Spatial localization data
__________
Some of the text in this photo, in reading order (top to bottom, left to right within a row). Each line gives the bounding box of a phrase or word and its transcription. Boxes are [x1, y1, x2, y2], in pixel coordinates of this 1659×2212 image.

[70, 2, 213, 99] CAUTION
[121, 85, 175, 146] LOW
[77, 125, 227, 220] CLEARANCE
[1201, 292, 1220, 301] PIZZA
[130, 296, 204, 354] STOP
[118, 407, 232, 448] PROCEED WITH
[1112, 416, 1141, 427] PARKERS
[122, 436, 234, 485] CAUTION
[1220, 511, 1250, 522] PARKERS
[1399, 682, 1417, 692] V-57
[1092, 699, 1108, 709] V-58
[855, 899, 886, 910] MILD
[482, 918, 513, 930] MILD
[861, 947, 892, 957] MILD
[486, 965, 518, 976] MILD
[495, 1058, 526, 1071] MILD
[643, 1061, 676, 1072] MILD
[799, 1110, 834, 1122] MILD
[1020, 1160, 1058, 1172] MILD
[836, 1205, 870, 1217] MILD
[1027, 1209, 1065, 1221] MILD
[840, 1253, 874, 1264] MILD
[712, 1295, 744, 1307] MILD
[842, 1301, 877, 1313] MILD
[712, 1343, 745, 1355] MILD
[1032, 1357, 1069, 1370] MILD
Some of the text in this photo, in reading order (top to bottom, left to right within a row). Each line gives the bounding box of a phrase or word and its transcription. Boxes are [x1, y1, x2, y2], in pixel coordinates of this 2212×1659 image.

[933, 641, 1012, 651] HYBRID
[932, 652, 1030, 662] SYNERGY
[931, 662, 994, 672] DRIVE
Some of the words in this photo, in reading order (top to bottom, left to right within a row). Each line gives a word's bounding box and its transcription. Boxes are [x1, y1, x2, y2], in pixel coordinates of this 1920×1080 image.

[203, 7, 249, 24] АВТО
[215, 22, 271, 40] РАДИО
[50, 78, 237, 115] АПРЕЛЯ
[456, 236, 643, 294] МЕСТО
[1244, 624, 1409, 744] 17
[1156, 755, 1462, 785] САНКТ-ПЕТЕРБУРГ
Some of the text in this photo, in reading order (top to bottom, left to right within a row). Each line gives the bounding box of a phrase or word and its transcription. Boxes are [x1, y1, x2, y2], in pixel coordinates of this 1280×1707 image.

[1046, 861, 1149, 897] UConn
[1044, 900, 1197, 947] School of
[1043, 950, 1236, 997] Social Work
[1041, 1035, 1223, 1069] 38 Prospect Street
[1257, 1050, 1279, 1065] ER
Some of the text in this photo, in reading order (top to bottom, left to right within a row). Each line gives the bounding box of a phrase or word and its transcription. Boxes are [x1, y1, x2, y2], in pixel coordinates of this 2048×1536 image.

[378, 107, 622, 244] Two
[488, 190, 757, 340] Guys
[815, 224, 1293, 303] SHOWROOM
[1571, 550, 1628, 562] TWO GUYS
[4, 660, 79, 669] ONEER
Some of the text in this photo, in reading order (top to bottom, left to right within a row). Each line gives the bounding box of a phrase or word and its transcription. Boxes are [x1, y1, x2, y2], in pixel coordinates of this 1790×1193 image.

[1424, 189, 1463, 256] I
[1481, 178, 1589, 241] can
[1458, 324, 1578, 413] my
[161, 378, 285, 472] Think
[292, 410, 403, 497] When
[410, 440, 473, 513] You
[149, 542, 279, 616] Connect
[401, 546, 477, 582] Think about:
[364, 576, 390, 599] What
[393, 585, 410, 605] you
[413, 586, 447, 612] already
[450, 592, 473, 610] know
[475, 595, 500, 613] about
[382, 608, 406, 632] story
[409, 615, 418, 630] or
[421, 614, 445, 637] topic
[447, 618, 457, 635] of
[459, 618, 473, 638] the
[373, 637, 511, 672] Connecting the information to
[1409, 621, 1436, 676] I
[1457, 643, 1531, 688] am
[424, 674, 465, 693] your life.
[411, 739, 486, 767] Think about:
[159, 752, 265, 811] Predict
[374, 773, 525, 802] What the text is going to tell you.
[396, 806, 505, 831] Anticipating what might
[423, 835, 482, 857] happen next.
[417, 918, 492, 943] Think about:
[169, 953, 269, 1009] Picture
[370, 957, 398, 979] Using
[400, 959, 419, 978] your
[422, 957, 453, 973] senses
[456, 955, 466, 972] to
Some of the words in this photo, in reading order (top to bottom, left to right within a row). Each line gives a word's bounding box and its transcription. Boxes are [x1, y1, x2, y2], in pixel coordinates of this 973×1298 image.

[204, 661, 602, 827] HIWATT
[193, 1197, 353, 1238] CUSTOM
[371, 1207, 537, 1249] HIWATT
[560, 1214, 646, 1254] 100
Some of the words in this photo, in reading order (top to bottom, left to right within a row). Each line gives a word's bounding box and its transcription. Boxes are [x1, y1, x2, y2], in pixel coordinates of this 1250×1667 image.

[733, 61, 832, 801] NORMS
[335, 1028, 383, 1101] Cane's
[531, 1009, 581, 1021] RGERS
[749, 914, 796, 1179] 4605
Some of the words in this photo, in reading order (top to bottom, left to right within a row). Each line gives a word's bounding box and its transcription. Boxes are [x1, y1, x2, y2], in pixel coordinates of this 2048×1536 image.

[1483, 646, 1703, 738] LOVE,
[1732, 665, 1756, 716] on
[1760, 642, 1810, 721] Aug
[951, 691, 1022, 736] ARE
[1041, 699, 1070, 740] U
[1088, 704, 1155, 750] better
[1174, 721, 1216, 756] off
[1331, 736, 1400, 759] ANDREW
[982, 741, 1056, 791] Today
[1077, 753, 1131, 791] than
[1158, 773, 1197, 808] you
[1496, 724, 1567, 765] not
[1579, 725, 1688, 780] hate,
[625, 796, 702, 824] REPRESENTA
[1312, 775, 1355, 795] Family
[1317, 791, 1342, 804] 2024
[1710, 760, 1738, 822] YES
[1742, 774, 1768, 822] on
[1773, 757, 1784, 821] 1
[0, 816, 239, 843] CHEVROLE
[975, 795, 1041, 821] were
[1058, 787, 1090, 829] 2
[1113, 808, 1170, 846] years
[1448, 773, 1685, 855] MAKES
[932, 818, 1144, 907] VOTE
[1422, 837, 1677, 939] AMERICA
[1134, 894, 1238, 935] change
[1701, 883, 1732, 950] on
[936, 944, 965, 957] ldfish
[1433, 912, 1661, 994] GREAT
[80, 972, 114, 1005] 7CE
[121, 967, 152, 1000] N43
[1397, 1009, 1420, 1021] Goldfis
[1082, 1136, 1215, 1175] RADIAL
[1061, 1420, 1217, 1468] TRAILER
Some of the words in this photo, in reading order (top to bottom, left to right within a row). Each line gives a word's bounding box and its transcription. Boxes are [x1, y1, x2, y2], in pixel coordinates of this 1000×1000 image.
__________
What to work on => Return what is listed above, exactly and completely.

Solution to the problem =>
Some of the text in this photo, in reading order (top to bottom, left to right within a row). Each line gives the bounding box of a phrase or word and its transcription. Boxes are [x1, y1, x2, y2], in pixel coordinates of this 1659×2212 image.

[70, 2, 213, 99] CAUTION
[121, 85, 175, 146] LOW
[77, 125, 227, 220] CLEARANCE
[1201, 292, 1220, 301] PIZZA
[130, 296, 204, 354] STOP
[118, 407, 232, 448] PROCEED WITH
[1112, 416, 1141, 427] PARKERS
[122, 436, 234, 485] CAUTION
[1220, 511, 1250, 522] PARKERS
[1399, 682, 1417, 692] V-57
[1092, 699, 1108, 709] V-58
[855, 899, 886, 910] MILD
[482, 918, 513, 930] MILD
[861, 947, 892, 957] MILD
[486, 965, 518, 976] MILD
[495, 1058, 526, 1071] MILD
[643, 1061, 676, 1072] MILD
[799, 1110, 834, 1122] MILD
[1020, 1160, 1058, 1172] MILD
[836, 1205, 870, 1217] MILD
[1027, 1209, 1065, 1221] MILD
[840, 1253, 874, 1264] MILD
[712, 1295, 744, 1307] MILD
[842, 1301, 877, 1313] MILD
[712, 1343, 745, 1355] MILD
[1032, 1357, 1069, 1370] MILD
Some of the text in this photo, in reading order (top to bottom, left to right within a row). Each line gives the bounding box of a phrase or word and its transcription. Boxes are [x1, y1, x2, y2], in pixel coordinates of this 2212×1659 image.

[933, 641, 1012, 651] HYBRID
[932, 652, 1030, 662] SYNERGY
[931, 662, 994, 672] DRIVE
Some of the words in this photo, in reading order (top to bottom, left to right within a row). Each line gives a word's bounding box and its transcription. Boxes are [x1, y1, x2, y2], in pixel coordinates of this 1920×1080 image.

[203, 7, 249, 24] АВТО
[215, 22, 271, 40] РАДИО
[50, 78, 237, 115] АПРЕЛЯ
[456, 236, 643, 294] МЕСТО
[1244, 624, 1409, 744] 17
[1156, 755, 1462, 785] САНКТ-ПЕТЕРБУРГ
Some of the text in this photo, in reading order (top to bottom, left to right within a row). Each line gives the bounding box of a phrase or word and its transcription. Boxes are [x1, y1, x2, y2], in pixel coordinates of this 1280×1707 image.

[1046, 861, 1149, 897] UConn
[1044, 900, 1197, 947] School of
[1043, 950, 1236, 997] Social Work
[1041, 1035, 1223, 1069] 38 Prospect Street
[1257, 1050, 1279, 1065] ER
Some of the text in this photo, in reading order (top to bottom, left to right within a row). Each line gives the bounding box of a phrase or word and its transcription. Boxes are [x1, y1, x2, y2], in pixel coordinates of this 2048×1536 image.

[378, 107, 622, 244] Two
[488, 190, 757, 340] Guys
[815, 224, 1293, 303] SHOWROOM
[1571, 550, 1628, 562] TWO GUYS
[4, 660, 79, 669] ONEER
Some of the text in this photo, in reading order (top to bottom, left to right within a row). Each line gives the bounding box of a phrase or word and its transcription. Boxes are [x1, y1, x2, y2], in pixel coordinates of this 1790×1193 image.

[1424, 189, 1463, 256] I
[1481, 178, 1589, 241] can
[1458, 324, 1578, 413] my
[161, 378, 285, 472] Think
[292, 410, 403, 497] When
[410, 440, 473, 513] You
[149, 542, 279, 616] Connect
[401, 546, 477, 582] Think about:
[364, 576, 390, 599] What
[393, 585, 410, 605] you
[413, 586, 447, 612] already
[450, 592, 473, 610] know
[475, 595, 500, 613] about
[382, 608, 406, 632] story
[409, 615, 418, 630] or
[421, 614, 445, 637] topic
[447, 618, 457, 635] of
[459, 618, 473, 638] the
[373, 637, 511, 672] Connecting the information to
[1409, 621, 1436, 676] I
[1457, 643, 1531, 688] am
[424, 674, 465, 693] your life.
[411, 739, 486, 767] Think about:
[159, 752, 265, 811] Predict
[374, 773, 525, 802] What the text is going to tell you.
[396, 806, 505, 831] Anticipating what might
[423, 835, 482, 857] happen next.
[417, 918, 492, 943] Think about:
[169, 953, 269, 1009] Picture
[370, 957, 398, 979] Using
[400, 959, 419, 978] your
[422, 957, 453, 973] senses
[456, 955, 466, 972] to
Some of the words in this photo, in reading order (top to bottom, left to right within a row). Each line gives a word's bounding box and its transcription. Boxes are [x1, y1, x2, y2], in pixel coordinates of this 973×1298 image.

[204, 661, 602, 827] HIWATT
[193, 1197, 353, 1238] CUSTOM
[371, 1207, 537, 1249] HIWATT
[560, 1214, 646, 1254] 100
Some of the words in this photo, in reading order (top to bottom, left to right within a row). Each line gives a word's bounding box and its transcription. Boxes are [x1, y1, x2, y2], in pixel coordinates of this 1250×1667 image.

[733, 61, 832, 801] NORMS
[335, 1028, 383, 1101] Cane's
[531, 1009, 581, 1021] RGERS
[749, 914, 796, 1179] 4605
Some of the words in this photo, in reading order (top to bottom, left to right within a row). Each line gives a word's bounding box and its transcription. Boxes are [x1, y1, x2, y2], in pixel coordinates of this 2048×1536 image.

[1483, 646, 1703, 738] LOVE,
[1732, 665, 1756, 716] on
[1760, 642, 1810, 721] Aug
[951, 691, 1022, 736] ARE
[1041, 699, 1070, 740] U
[1088, 704, 1155, 750] better
[1174, 721, 1216, 756] off
[1331, 736, 1400, 759] ANDREW
[982, 741, 1056, 791] Today
[1077, 753, 1131, 791] than
[1158, 773, 1197, 808] you
[1496, 724, 1567, 765] not
[1579, 725, 1688, 780] hate,
[625, 796, 702, 824] REPRESENTA
[1312, 775, 1355, 795] Family
[1317, 791, 1342, 804] 2024
[1710, 760, 1738, 822] YES
[1742, 774, 1768, 822] on
[1773, 757, 1784, 821] 1
[0, 816, 239, 843] CHEVROLE
[975, 795, 1041, 821] were
[1058, 787, 1090, 829] 2
[1113, 808, 1170, 846] years
[1448, 773, 1685, 855] MAKES
[932, 818, 1144, 907] VOTE
[1422, 837, 1677, 939] AMERICA
[1134, 894, 1238, 935] change
[1701, 883, 1732, 950] on
[936, 944, 965, 957] ldfish
[1433, 912, 1661, 994] GREAT
[80, 972, 114, 1005] 7CE
[121, 967, 152, 1000] N43
[1397, 1009, 1420, 1021] Goldfis
[1082, 1136, 1215, 1175] RADIAL
[1061, 1420, 1217, 1468] TRAILER
Some of the words in this photo, in reading order (top to bottom, left to right within a row). Each line gives a word's bounding box and its transcription. Boxes are [x1, y1, x2, y2], in pixel coordinates of this 1000×1000 image.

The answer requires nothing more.